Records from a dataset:
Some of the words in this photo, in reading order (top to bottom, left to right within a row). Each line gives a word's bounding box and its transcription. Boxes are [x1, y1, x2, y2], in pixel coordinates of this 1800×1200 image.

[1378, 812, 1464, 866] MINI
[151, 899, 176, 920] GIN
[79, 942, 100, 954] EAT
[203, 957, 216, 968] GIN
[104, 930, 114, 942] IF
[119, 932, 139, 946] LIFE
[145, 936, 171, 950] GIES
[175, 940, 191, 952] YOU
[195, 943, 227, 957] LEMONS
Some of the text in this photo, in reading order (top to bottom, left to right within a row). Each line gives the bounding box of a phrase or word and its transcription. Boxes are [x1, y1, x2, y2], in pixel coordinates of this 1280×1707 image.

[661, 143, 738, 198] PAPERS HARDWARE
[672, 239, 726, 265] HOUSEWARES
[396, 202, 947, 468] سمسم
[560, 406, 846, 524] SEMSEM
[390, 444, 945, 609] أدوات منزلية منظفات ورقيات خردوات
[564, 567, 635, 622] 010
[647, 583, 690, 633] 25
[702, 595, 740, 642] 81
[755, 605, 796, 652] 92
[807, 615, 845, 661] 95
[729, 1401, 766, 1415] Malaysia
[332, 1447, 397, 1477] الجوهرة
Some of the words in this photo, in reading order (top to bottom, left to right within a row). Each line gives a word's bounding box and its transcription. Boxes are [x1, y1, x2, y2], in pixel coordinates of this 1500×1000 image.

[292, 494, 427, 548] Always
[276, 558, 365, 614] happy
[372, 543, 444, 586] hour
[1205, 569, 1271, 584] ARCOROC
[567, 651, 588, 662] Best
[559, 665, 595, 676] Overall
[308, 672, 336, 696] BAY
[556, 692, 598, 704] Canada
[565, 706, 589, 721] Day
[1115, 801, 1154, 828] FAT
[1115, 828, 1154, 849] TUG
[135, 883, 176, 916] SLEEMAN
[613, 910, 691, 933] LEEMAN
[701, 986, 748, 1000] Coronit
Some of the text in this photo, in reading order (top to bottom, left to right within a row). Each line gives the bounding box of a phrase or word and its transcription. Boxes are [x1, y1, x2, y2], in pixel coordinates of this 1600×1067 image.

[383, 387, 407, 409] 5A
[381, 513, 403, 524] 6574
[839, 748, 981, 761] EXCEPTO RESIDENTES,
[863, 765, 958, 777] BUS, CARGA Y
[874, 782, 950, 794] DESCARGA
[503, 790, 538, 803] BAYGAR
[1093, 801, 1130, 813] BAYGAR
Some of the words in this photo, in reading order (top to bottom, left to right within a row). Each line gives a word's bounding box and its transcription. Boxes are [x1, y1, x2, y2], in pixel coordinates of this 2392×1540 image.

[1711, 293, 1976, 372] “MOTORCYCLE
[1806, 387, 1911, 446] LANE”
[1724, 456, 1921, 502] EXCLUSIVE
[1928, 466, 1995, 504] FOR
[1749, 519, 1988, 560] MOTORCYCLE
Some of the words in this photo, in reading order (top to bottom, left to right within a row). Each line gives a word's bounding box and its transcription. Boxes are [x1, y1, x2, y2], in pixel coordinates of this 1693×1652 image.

- Assignment
Exactly as given, please retype all the entries.

- Problem solution
Some of the words in this photo, in reading order (top to bottom, left to right within a row). Each line gives a word's bounding box and its transcription. Boxes are [x1, y1, x2, y2], in pixel coordinates of this 1800×1200 image.

[1378, 812, 1464, 866] MINI
[151, 899, 176, 920] GIN
[79, 942, 100, 954] EAT
[203, 957, 216, 968] GIN
[104, 930, 114, 942] IF
[119, 932, 139, 946] LIFE
[145, 936, 171, 950] GIES
[175, 940, 191, 952] YOU
[195, 943, 227, 957] LEMONS
Some of the text in this photo, in reading order (top to bottom, left to right within a row). Each line gives the bounding box of a phrase or word and its transcription. Boxes are [x1, y1, x2, y2], in pixel coordinates of this 1280×1707 image.

[661, 143, 738, 198] PAPERS HARDWARE
[672, 239, 726, 265] HOUSEWARES
[396, 202, 947, 468] سمسم
[560, 406, 846, 524] SEMSEM
[390, 444, 945, 609] أدوات منزلية منظفات ورقيات خردوات
[564, 567, 635, 622] 010
[647, 583, 690, 633] 25
[702, 595, 740, 642] 81
[755, 605, 796, 652] 92
[807, 615, 845, 661] 95
[729, 1401, 766, 1415] Malaysia
[332, 1447, 397, 1477] الجوهرة
Some of the words in this photo, in reading order (top to bottom, left to right within a row). Each line gives a word's bounding box and its transcription. Boxes are [x1, y1, x2, y2], in pixel coordinates of this 1500×1000 image.

[292, 494, 427, 548] Always
[276, 558, 365, 614] happy
[372, 543, 444, 586] hour
[1205, 569, 1271, 584] ARCOROC
[567, 651, 588, 662] Best
[559, 665, 595, 676] Overall
[308, 672, 336, 696] BAY
[556, 692, 598, 704] Canada
[565, 706, 589, 721] Day
[1115, 801, 1154, 828] FAT
[1115, 828, 1154, 849] TUG
[135, 883, 176, 916] SLEEMAN
[613, 910, 691, 933] LEEMAN
[701, 986, 748, 1000] Coronit
Some of the text in this photo, in reading order (top to bottom, left to right within a row). Each line gives the bounding box of a phrase or word and its transcription. Boxes are [x1, y1, x2, y2], in pixel coordinates of this 1600×1067 image.

[383, 387, 407, 409] 5A
[381, 513, 403, 524] 6574
[839, 748, 981, 761] EXCEPTO RESIDENTES,
[863, 765, 958, 777] BUS, CARGA Y
[874, 782, 950, 794] DESCARGA
[503, 790, 538, 803] BAYGAR
[1093, 801, 1130, 813] BAYGAR
Some of the words in this photo, in reading order (top to bottom, left to right within a row). Each line gives a word's bounding box and its transcription. Boxes are [x1, y1, x2, y2], in pixel coordinates of this 2392×1540 image.

[1711, 293, 1976, 372] “MOTORCYCLE
[1806, 387, 1911, 446] LANE”
[1724, 456, 1921, 502] EXCLUSIVE
[1928, 466, 1995, 504] FOR
[1749, 519, 1988, 560] MOTORCYCLE
Some of the words in this photo, in reading order (top to bottom, left to right within a row). Each line gives a word's bounding box and its transcription. Boxes are [x1, y1, x2, y2], in pixel coordinates of this 1693×1652 image.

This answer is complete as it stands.